Figure 3. Ranking of data sets for farmer credit scoring. Source: Adapted from Grow Asia and SAFIRA. (2018). Digital credit scoring in agriculture: best practices of assessing credit risks in value chains.
The role of value chain actors in farmer financing
To unlock the agri DFS opportunity in agricultural value chains and support the creation of farmer economic identities, value chain actors such as agribusinesses and cooperatives along with FSPs and digital payment providers each have significant roles to play:
- Agribusinesses and cooperatives should ensure that the digital procurement solutions they use generate the relevant alternative data points required by FSPs while considering the issues around data quality, data ownership and data protection. For example, agribusinesses and cooperatives must build their internal capacity through training to ensure that field agents collect quality data and that office clerks know how to store and share the data.
- FSPs require a fundamental mindset change regarding the opportunity to use alternative data to offer agri DFS and they should develop appropriate strategies to serve farmers, who remain the largest untapped customer segment. For example, given that the financing needs of farmers are determined by their expenses and cash outflows at distinct stages of the growing season, FSPs must take into account the life cycle and stages of a loan and reflect farmers’ unique circumstances in their offering. In addition, FSPs should ensure that loans cover a range of crops, enable access to capital intensive investments such as farming assets and machinery and take a gender-inclusive approach.
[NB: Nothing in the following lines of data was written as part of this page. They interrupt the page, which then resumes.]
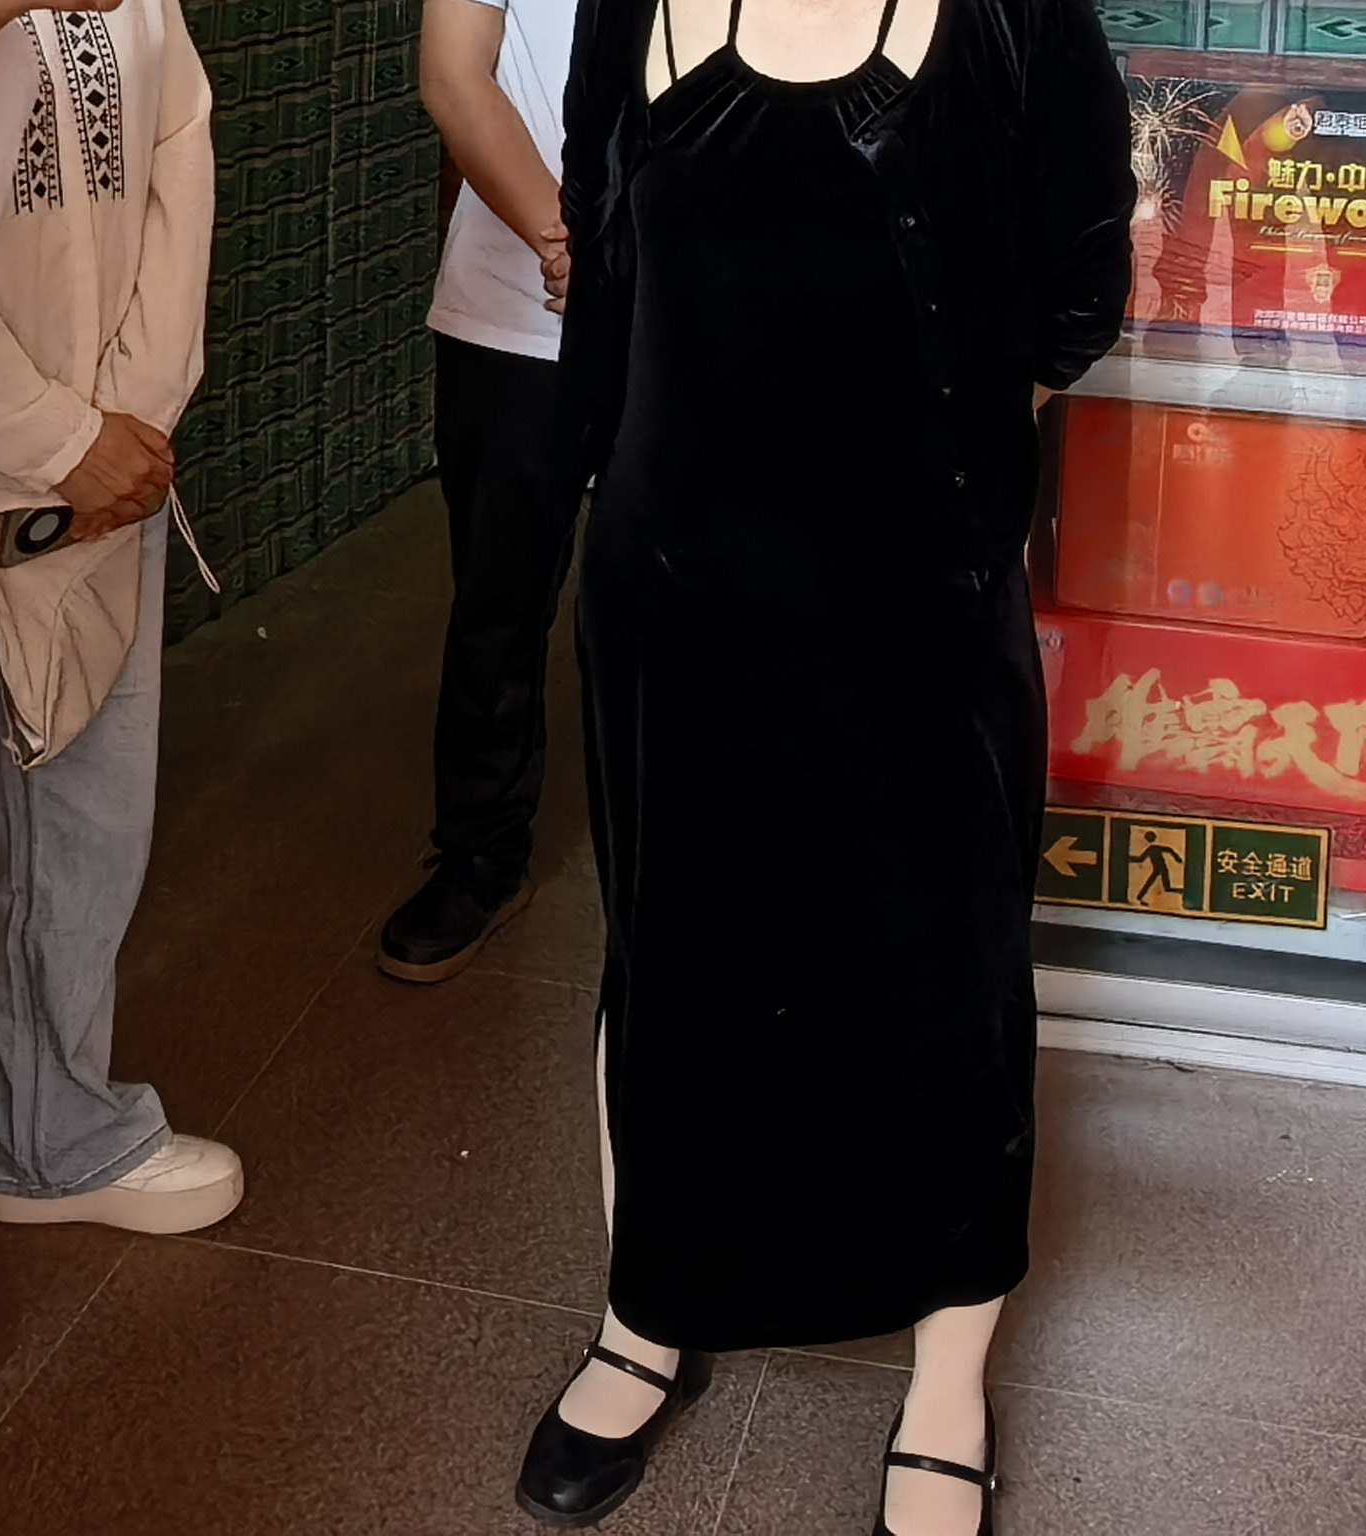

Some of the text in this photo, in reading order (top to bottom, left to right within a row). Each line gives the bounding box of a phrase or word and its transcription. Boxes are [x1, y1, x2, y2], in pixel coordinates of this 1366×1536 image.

[1216, 847, 1314, 882] 安全通道
[1232, 881, 1296, 905] EXIT
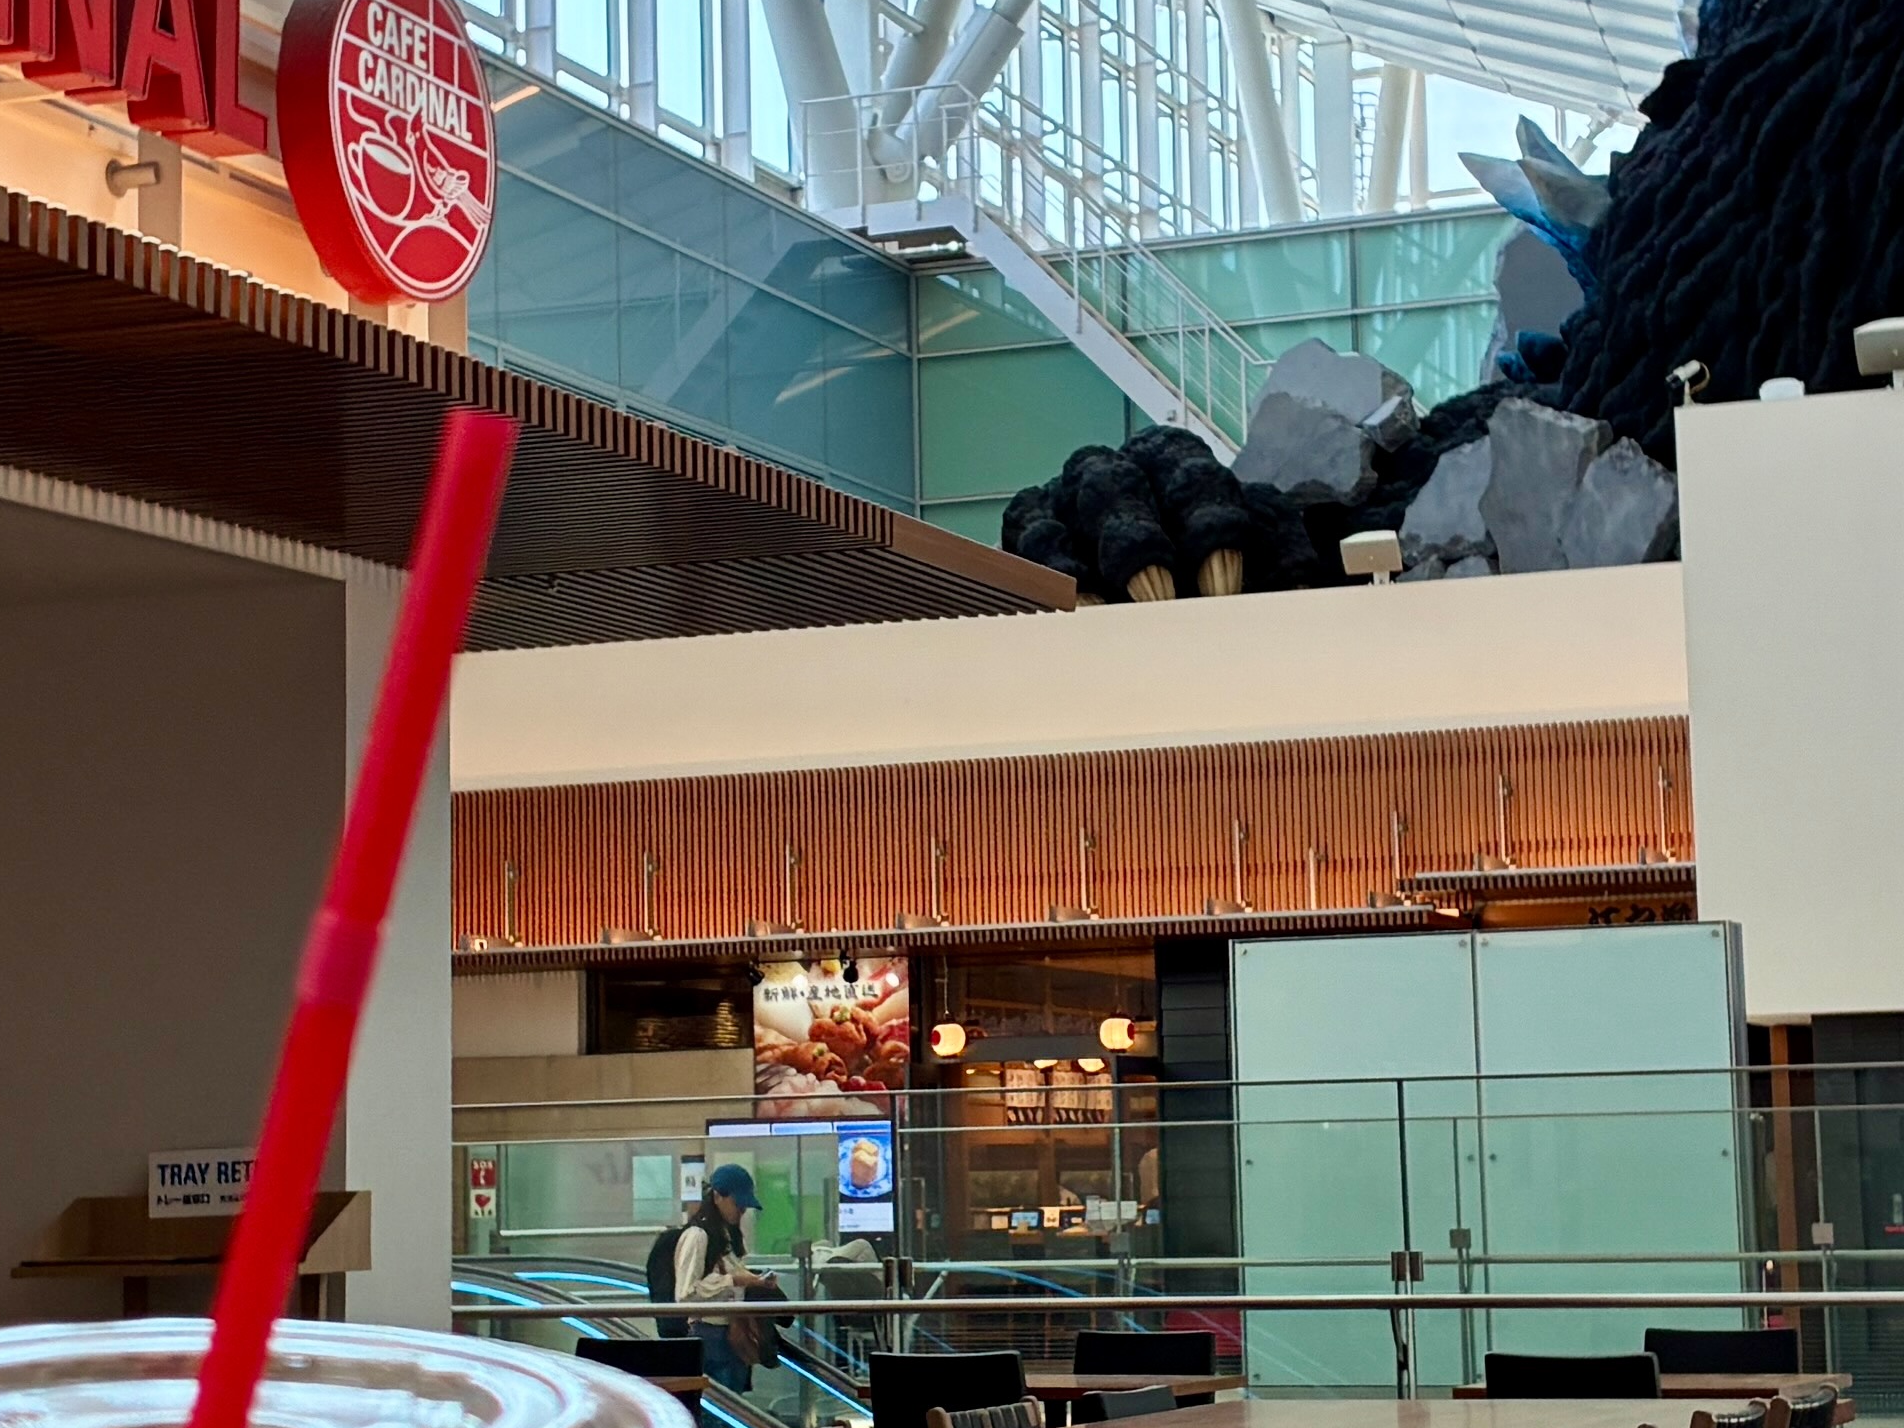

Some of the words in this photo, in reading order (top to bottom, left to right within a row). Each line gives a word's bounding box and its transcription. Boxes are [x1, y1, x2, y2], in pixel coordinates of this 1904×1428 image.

[367, 2, 428, 69] CAFE
[358, 48, 473, 142] CARDINAL
[157, 1162, 209, 1187] TRAY
[217, 1160, 258, 1184] RET
- Digital payment providers, including MMPs, should leverage their existing assets to enable the integration of digital procurement solutions with their payment systems and encourage the development of a digital rural ecosystem. Digital payment providers can take one of two approaches, either: through a partnership with agribusinesses and cooperatives or by developing their own digital procurement solutions. For example, Vodacom Tanzania has taken the approach of the latter by developing an enterprise solution named Mkulima.
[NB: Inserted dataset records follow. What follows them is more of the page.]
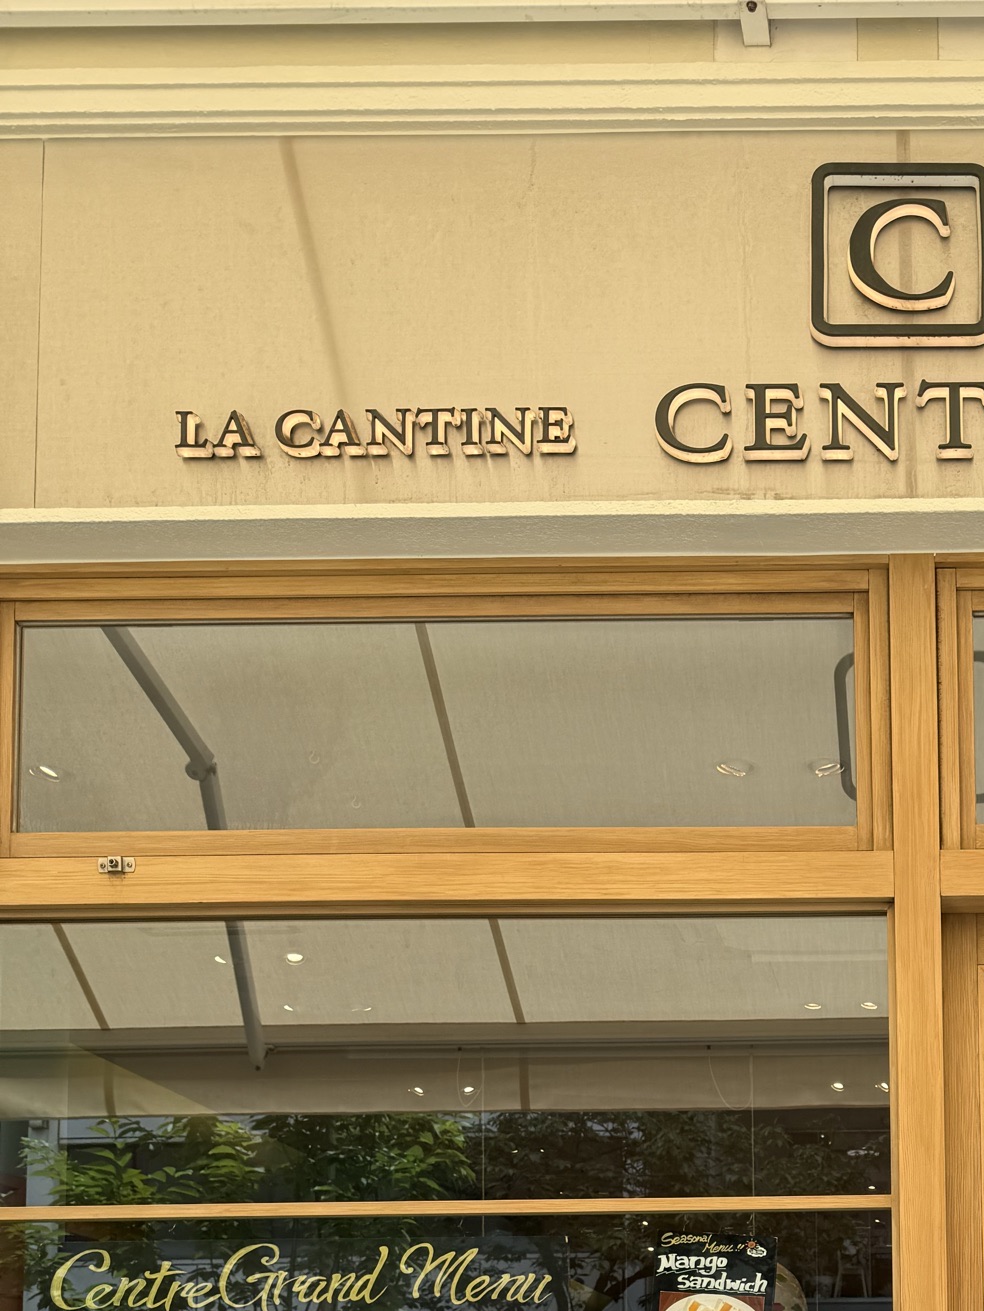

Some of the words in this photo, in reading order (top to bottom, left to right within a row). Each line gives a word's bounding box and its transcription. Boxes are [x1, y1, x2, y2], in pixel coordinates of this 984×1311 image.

[847, 198, 955, 311] C
[174, 408, 262, 458] LA
[274, 406, 577, 458] CANTINE
[657, 1253, 728, 1275] Mango
[660, 1231, 712, 1247] Seasonal
[49, 1247, 222, 1311] Centre
[399, 1241, 554, 1306] Menu
Alternative data is widely available in digitised agricultural value chains as agritech companies, agribusinesses, cooperatives and digital payment providers increasingly deploy digital procurement solutions in the last mile. New data sharing partnerships with FSPs evoke a range of considerations that become relevant when using alternative data to enable agri DFS for farmers. They outline the roles of value chain actors and enable the identification of innovative business models that recognise the business opportunity and unlock financing for smallholder farmers.